The Bendhu case, also called the Bendhu atrocity, took place at Bendhu cattle station in the Pilbara region of Western Australia in 1897. The station owner and his brother were prosecuted for flogging to death three Aboriginal workers who had fled the station.

== The incident ==
In September 1897 six Aboriginal workers ran away from Bendhu station, apparently because sheep had run away and they were afraid of being punished. Having walked for over 25 miles without water, they were recaptured by Ernest and Alexander Anderson, who proceeded to severely flog them.

One elderly man (Pringamurra, also called Spider) and two women (Warradamngenmia, also called Biddy; and Narilung, also called Polly) died later that day.
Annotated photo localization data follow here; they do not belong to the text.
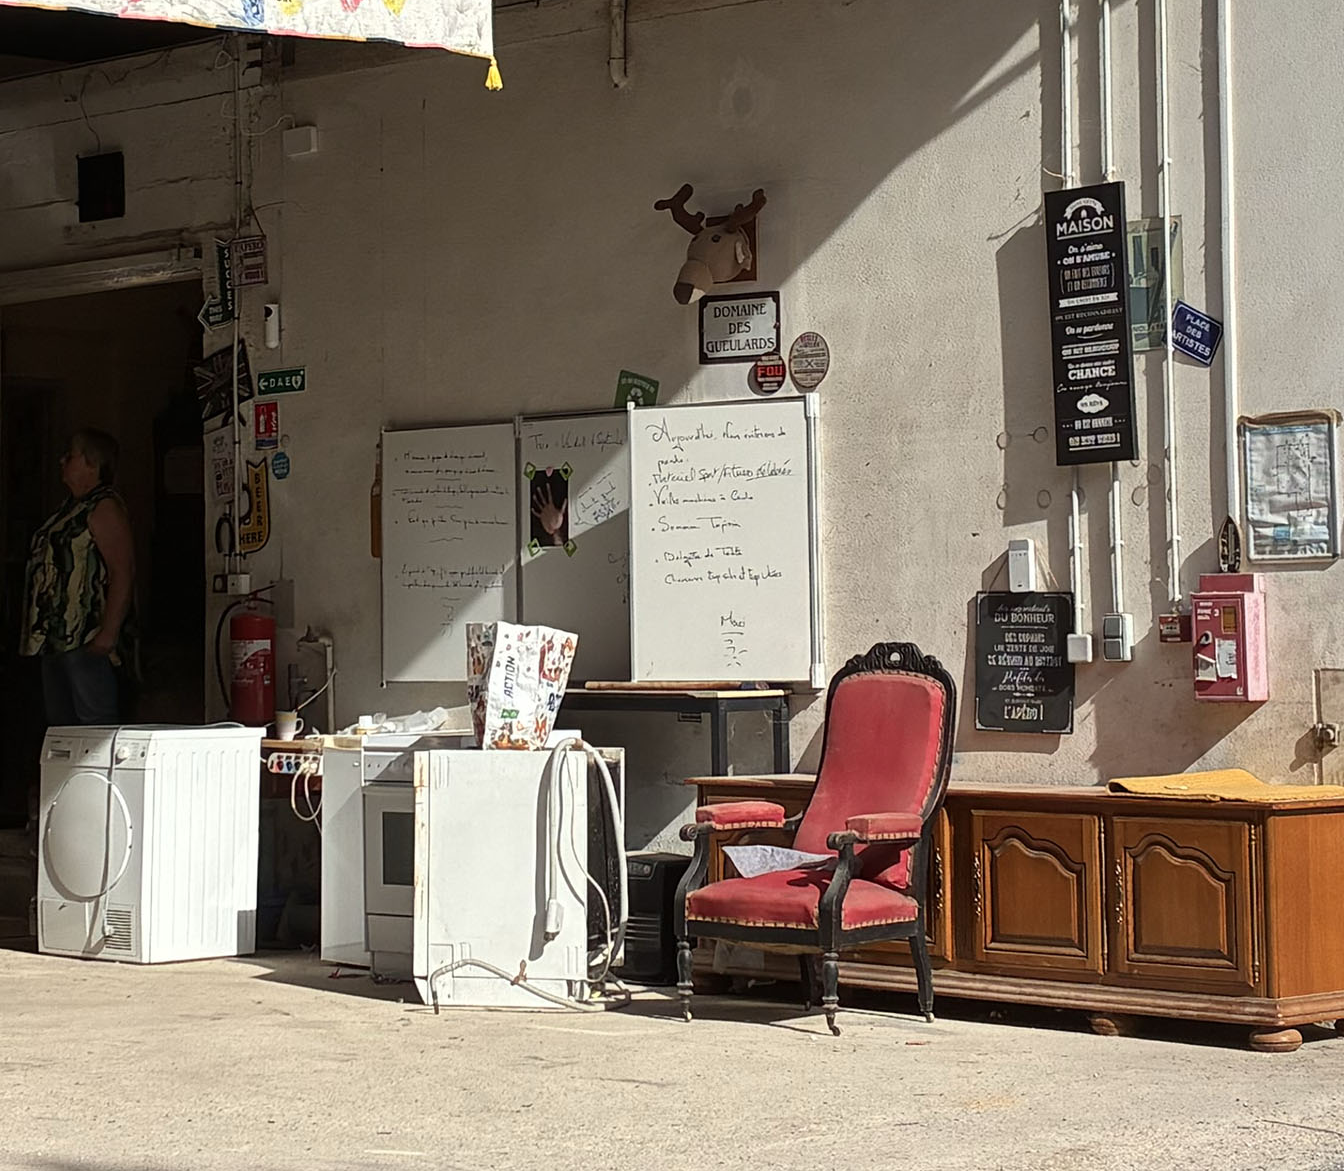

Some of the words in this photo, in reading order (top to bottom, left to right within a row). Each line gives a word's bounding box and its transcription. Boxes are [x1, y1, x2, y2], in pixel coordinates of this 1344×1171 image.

[1056, 214, 1114, 237] MAISON
[713, 302, 767, 319] DOMAINE
[728, 321, 752, 335] DES
[1185, 313, 1211, 333] PLACE
[1185, 325, 1203, 339] DES
[705, 337, 775, 353] GUEULARDS
[757, 364, 783, 377] FOU
[1068, 365, 1116, 381] CHANCE
[269, 376, 291, 388] DAE
[994, 612, 1009, 623] DU
[1010, 612, 1055, 624] BONHEUR
[503, 655, 516, 699] ACTION
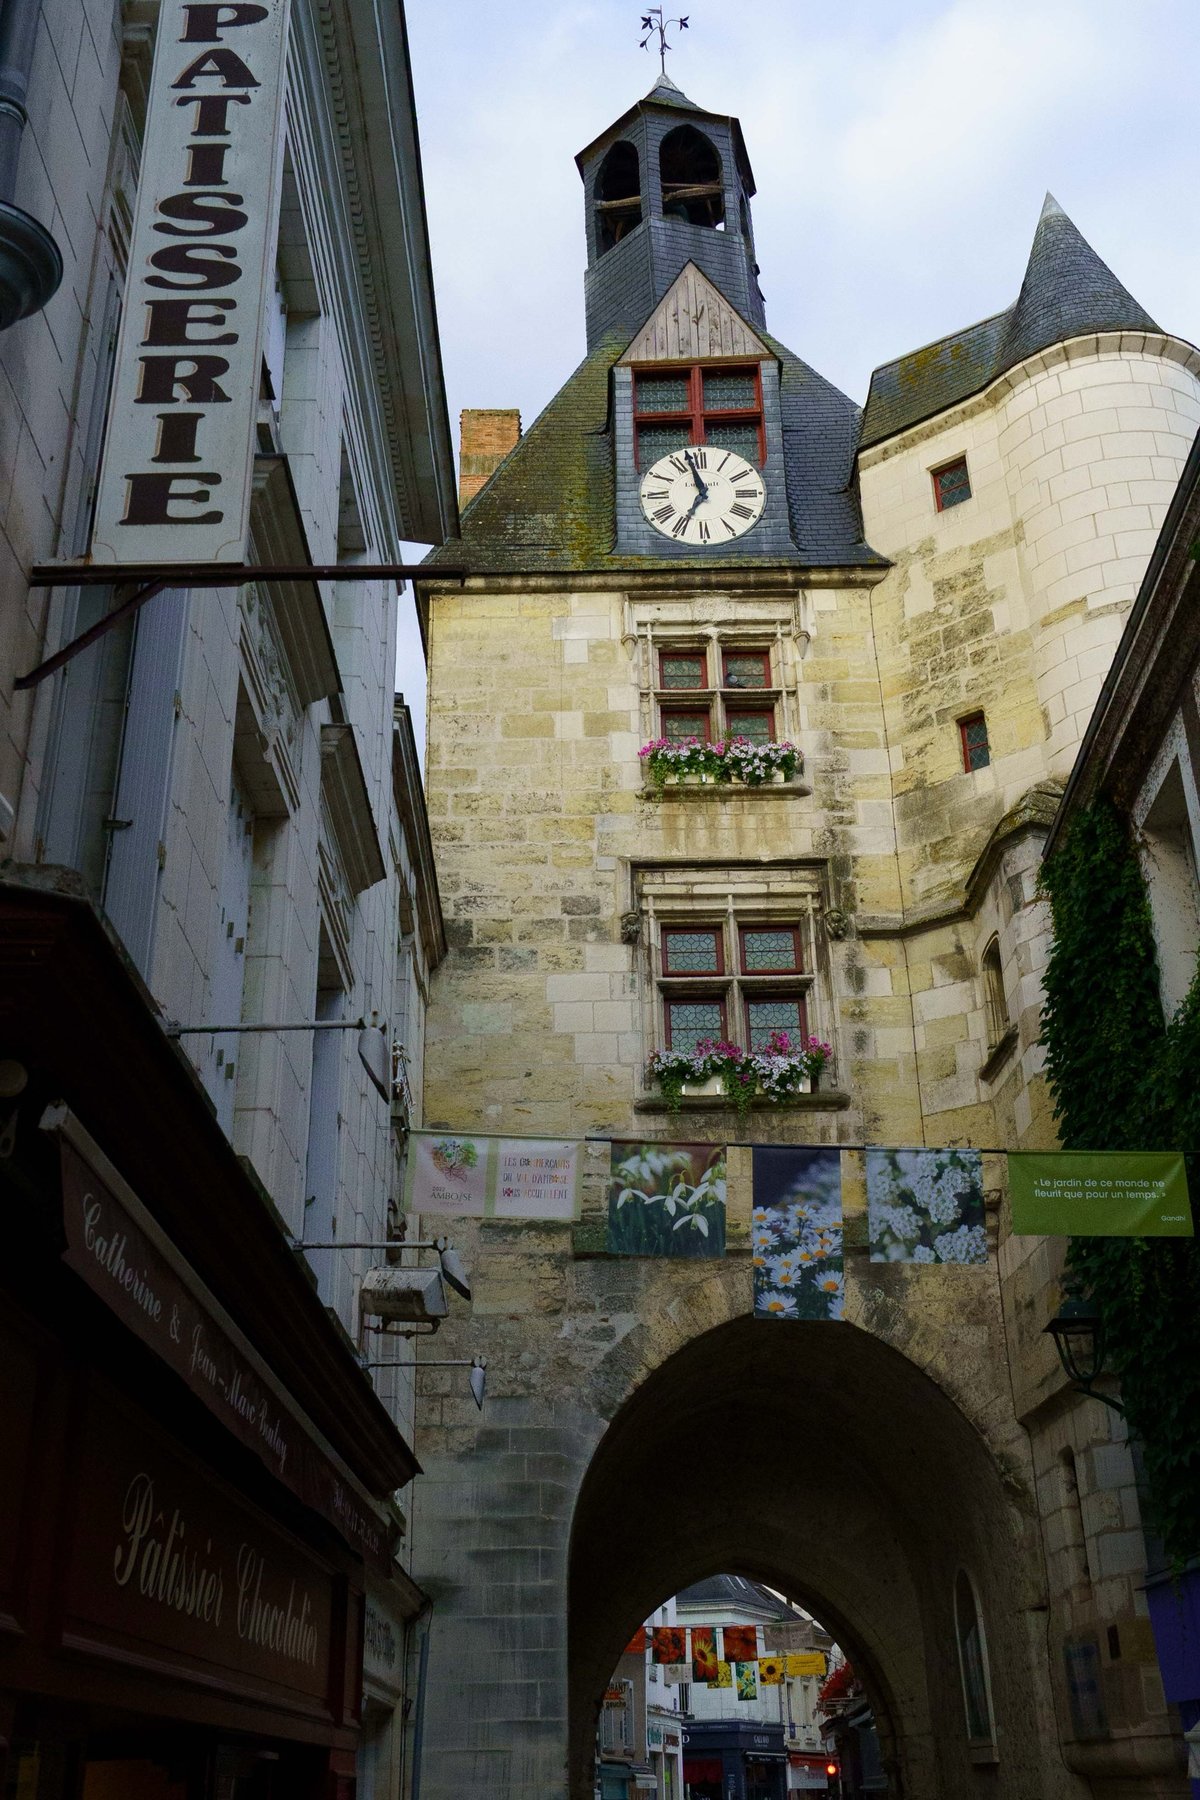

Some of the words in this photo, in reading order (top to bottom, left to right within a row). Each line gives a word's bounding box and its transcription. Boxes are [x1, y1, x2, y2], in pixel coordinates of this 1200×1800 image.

Another man (Jabramurra, also called Kandy) and two girls (Haberine, also called Louie, aged about twelve; and Wireroo, also called Minnie, aged about eight) were also flogged and left for dead, but survived.

A post-mortem examination concluded that Pringamurra, Warradamngenmia and Narilung had died of shock from injuries sustained from the flogging (which included broken bones), possibly exacerbated by dehydration and exhaustion.

== Prosecution and aftermath ==
Ernest and Alexander Anderson were initially fined £2 and issued with a warning about their behaviour. After public outrage, the police upgraded the charge against them to one of murder. Alexander Anderson died of typhoid fever in Fremantle Prison whilst awaiting trial.

Ernest Anderson was tried for murder but found guilty on the lesser charge of manslaughter. The Chief Justice, Alexander Onslow, was dismayed at the jury's verdict, and considered Anderson to be guilty of a "particularly hideous and atrocious murder". He sentenced Anderson to life imprisonment, a uniquely severe sentence for a manslaughter case at this time. Anderson was thought to be the first white man to be convicted of manslaughter and sentenced to life imprisonment for the murder of an Aboriginal person under Western Australia's legal system of self-government. He was ultimately released from prison after serving only six years of his sentence.

The case was reported widely in the Australian press (and in some British newspapers), many of which condemned the verdict of manslaughter as excessively lenient.